I thought I would show you all a place myself and Cunningplan an Blod went too earlier this year, considering I need to clear some memory card space as over the last month all I have done is go into abandoned buildings, some brilliant some unseen until I decide to share them. I had located a fair few places last year, which needed to be investigated an clearly staying away from forums and the usual I wanted to track down unseen places, so we was on the hunt!

After arriving in wales late in the evening, Cunningplan met myself an blod and we went with our plan as follows, eat and get some rest, then have 3 days of hitting our targets, which had been planned for almost a month, early start saw us head to this old house as we drove past it certainly had a dark vibe, I dont mean eerie I mean dark inside, then again we only saw the chimney and the windows but still...lighting was going to be an issue especially with the gloomy sky an rain, after tackling barbed wire and tonnes of bushes (still digging out thorns later that day) we was inside and it sure as hell was dark, so despite all rooms minus landing are light painted, I have tried to keep them natural as possible (minus b/w shots) no point editing to give a place false looks. 

Unsure how long the place was abandoned for but it held a few delights despite the lighting issues, the books upstairs seemed stuck to the shelf an each other, an with foliage coming in upstairs it was rather beautiful to see nature at its best, upstairs though was rather interesting an weirdly enough despite the massive hole downstairs near the kitchen the rest of the house was sturdy as a rock  

Certainly one I am glad we went too first as the rest of the day just brought on epic.




































































I know when I started posting this month I was not going to post my first wales trip photos, but I needed memory card space, as I keep buying 8GB cards an filling them up so quick, cheers for looking once again and more coming soon


----------



## The_Derp_Lane (Apr 13, 2016)

Another great find from your trip, Thanks for posting.


----------



## DirtyJigsaw (Apr 13, 2016)

nicely shot mate


----------



## HughieD (Apr 13, 2016)

Really captured the atmosphere of that place Mocking Bird...


----------



## Sam Haltin (Apr 13, 2016)

Nice photographs.
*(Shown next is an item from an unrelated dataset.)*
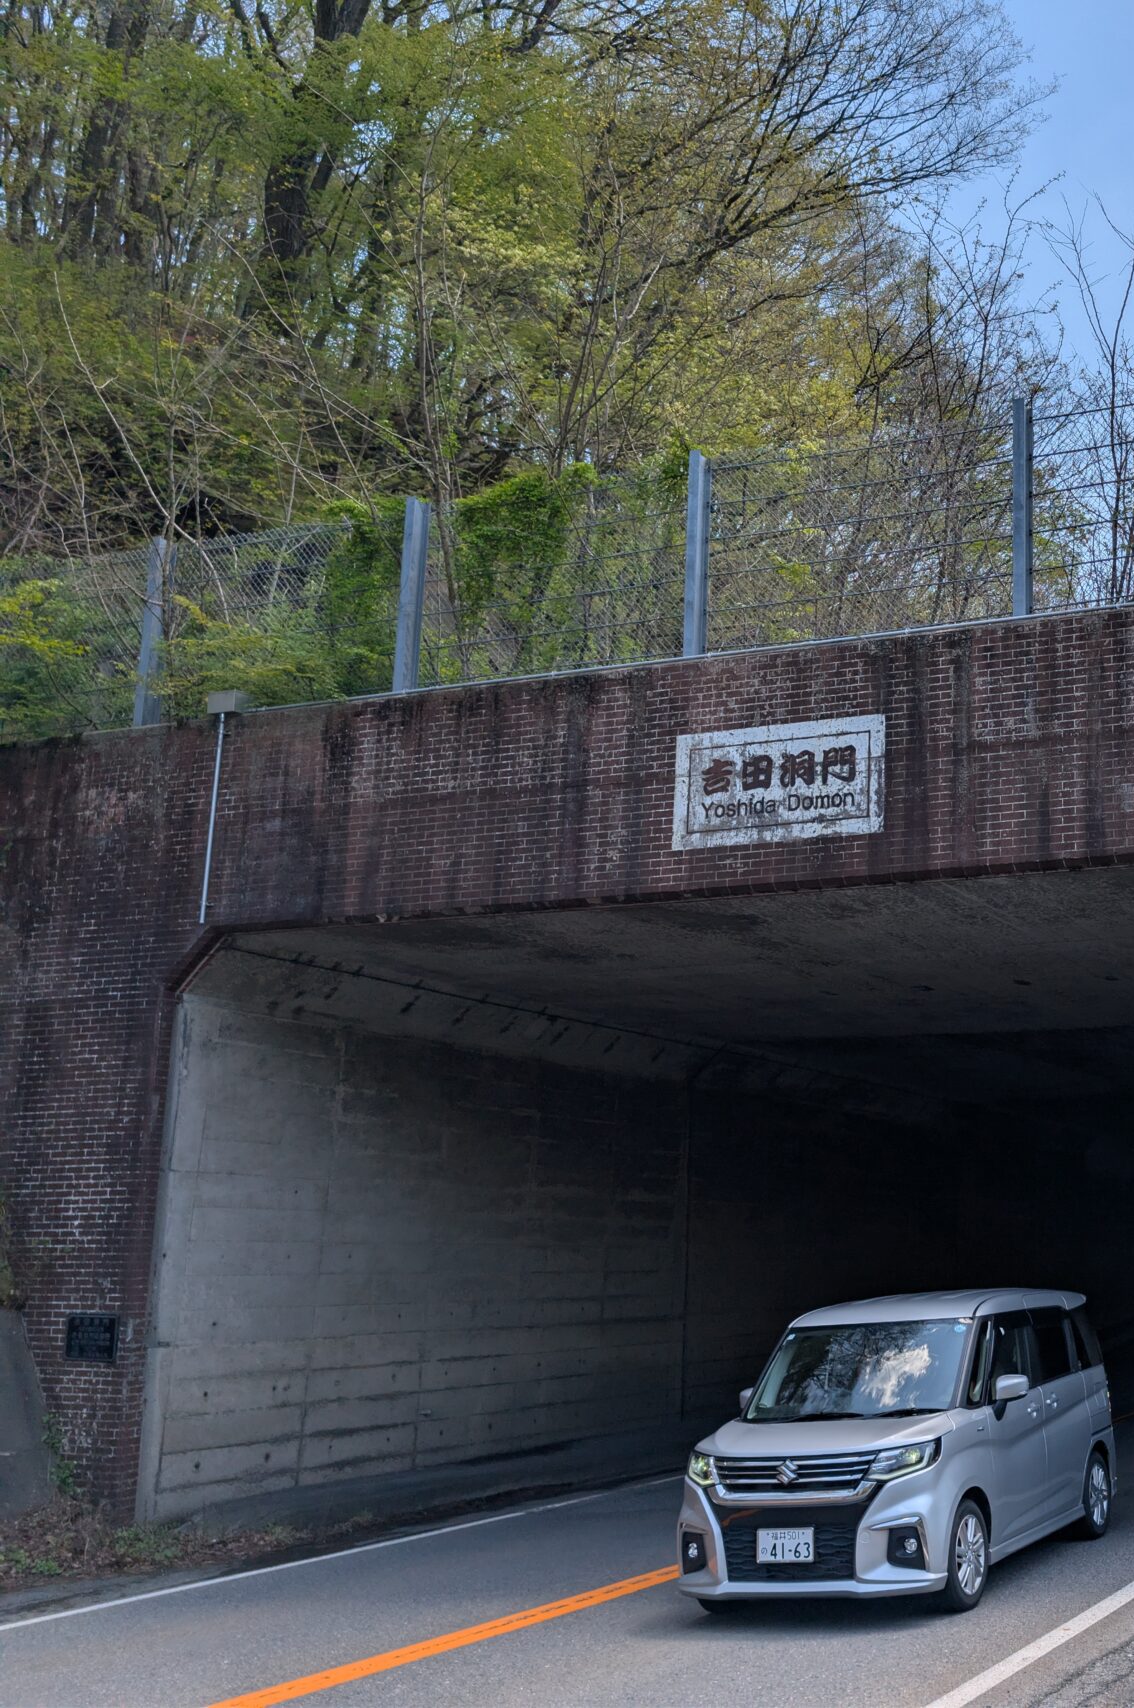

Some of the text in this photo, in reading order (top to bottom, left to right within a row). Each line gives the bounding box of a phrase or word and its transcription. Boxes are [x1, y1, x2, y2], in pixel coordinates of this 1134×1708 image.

You were right about being dark inside but it adds to the mood.


----------



## smiler (Apr 13, 2016)

A smashed telly and a shed load of books, I would have liked the folk who lived here, Nice Work, Thanks


----------



## flyboys90 (Apr 13, 2016)

What a beauty,Thanks for sharing.


----------



## mockingbird (Apr 13, 2016)

dauntless - UE said:


> Another great find from your trip, Thanks for posting.



Thank you dude, was a brilliant trip, in wonderful company, your always welcome dude!


----------



## mockingbird (Apr 13, 2016)

smiler said:


> A smashed telly and a shed load of books, I would have liked the folk who lived here, Nice Work, Thanks



A perfect world no tv just books and the great outdoors cheers smiler


----------



## mockingbird (Apr 13, 2016)

Hugh Jorgan said:


> Nice photographs. You were right about being dark inside but it adds to the mood.



Made the place different thats for sure  thank you!


----------



## Rubex (Apr 14, 2016)

Wow this place is amazing! Excellent photos as always Mockingbird


----------



## Highbury (Apr 23, 2016)

Glad you uncovered this place Mockingbird, I saw your update recently about finding new places, think I'm not the only one that enjoys your reports an new places! Love the door shot too!


----------



## tazong (Apr 24, 2016)

I am in the minority here i guess but its just all a little to dark for me - i think its ok for a few photos but the whole set just looks really bleak and really toned down.


----------



## Vertigo Rod (Apr 24, 2016)

A great set of atmospheric pics - you was right to keep them as natural as possible. I love trawling through old books - so would've been in there a good while!!! Looking forward to seeing more of your Welsh trip. Great stuff


----------



## mockingbird (Apr 26, 2016)

tazong said:


> I am in the minority here i guess but its just all a little to dark for me - i think its ok for a few photos but the whole set just looks really bleak and really toned down.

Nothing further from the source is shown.